Turmoil in the markets has renewed fears that the US did not escape history after all, that a hard landing — a recession — is coming. Whether this is all a blip from a rising yen or a justified reaction to an actual weakening of the US economy is still unknowable. But there are reasons to believe even a hard landing wouldn’t be so hard.
To be clear, a recession is never good. People lose their jobs, companies go out of business, assets fall in value, uncertainty spreads. But some recessions are worse than others. The 2001 recession was fairly mild and short, with the unemployment rate peaking at 6.2%. In 2008, it rose to 10%, while households saw much of their wealth destroyed and the recovery dragged on for nearly a decade.
Three things determine how bad any recession will be: what the economic conditions were going in, what caused it, and what the policy response is. It’s worth taking each in turn.
The current economy is in pretty good shape. In contrast to 2008, households are not over-levered. They are more capable of weathering a contraction, or even a period of joblessness. If there were a recession, demand would fall — but not crater. Corporations are not excessively levered either, at least when it comes to public debt markets.
This relatively low debt level — much of it locked into low rates — suggests a fair amount of resilience in the economy, even if economic conditions worsen.
Granted, there are serious long-term sources of weakness: too much government debt, an economic policy insufficiently focused on trade and growth, political instability and a broken immigration policy. But unless America is unlucky, it has several years before these have a big impact on the economy.

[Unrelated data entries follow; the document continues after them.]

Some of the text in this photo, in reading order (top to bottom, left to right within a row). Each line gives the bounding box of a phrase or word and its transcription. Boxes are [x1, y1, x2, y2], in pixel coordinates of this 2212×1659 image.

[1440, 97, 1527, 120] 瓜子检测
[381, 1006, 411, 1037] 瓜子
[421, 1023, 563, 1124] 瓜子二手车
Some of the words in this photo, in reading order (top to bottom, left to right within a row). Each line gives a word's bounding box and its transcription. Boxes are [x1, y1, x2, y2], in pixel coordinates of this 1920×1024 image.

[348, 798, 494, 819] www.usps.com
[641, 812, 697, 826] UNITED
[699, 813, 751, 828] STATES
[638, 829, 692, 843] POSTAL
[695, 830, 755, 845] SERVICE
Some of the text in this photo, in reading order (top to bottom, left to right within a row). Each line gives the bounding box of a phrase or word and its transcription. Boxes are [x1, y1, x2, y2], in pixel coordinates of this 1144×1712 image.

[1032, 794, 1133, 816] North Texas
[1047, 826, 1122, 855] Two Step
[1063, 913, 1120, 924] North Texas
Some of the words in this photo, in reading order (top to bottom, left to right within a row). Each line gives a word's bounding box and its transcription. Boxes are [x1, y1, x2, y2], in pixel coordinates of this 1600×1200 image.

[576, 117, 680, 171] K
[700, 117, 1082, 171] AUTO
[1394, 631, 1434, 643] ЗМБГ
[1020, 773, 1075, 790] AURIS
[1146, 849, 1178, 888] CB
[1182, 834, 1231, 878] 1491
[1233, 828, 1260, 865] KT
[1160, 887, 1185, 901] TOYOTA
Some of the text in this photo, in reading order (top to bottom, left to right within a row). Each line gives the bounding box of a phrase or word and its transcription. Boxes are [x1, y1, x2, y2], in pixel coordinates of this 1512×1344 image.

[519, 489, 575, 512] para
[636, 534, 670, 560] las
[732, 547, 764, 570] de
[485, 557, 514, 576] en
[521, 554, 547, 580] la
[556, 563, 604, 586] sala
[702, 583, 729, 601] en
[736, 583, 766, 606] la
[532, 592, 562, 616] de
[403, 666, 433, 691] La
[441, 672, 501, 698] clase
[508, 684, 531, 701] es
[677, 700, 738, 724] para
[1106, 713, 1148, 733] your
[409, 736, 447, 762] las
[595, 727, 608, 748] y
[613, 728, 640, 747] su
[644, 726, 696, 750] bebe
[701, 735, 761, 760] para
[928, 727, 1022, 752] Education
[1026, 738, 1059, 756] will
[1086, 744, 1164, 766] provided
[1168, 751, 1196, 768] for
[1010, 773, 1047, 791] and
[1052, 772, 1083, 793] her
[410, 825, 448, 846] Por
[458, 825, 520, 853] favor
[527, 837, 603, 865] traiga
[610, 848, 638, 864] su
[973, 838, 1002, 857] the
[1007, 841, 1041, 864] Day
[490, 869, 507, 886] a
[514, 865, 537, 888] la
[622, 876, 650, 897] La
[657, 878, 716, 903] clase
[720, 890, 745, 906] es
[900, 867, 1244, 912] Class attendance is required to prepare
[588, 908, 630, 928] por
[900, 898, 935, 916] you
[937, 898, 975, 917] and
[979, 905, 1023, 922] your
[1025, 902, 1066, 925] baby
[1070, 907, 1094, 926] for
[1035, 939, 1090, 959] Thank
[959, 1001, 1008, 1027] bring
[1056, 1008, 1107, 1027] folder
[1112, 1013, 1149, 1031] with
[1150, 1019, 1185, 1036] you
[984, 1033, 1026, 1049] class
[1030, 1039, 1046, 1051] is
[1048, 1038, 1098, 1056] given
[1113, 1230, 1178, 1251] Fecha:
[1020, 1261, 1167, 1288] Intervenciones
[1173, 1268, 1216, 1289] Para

How about the second factor: What causes a recession? Sometimes it is a big supply shock, such as shutting down the economy for a pandemic or a huge spike in the cost of energy — neither of which is expected. In the 20th century, some recessions came from an overly tight monetary policy. And despite the complaints that the Fed did not cut last week, rates are still not that high by historical standards — and it is not clear that financial conditions are even tight right now.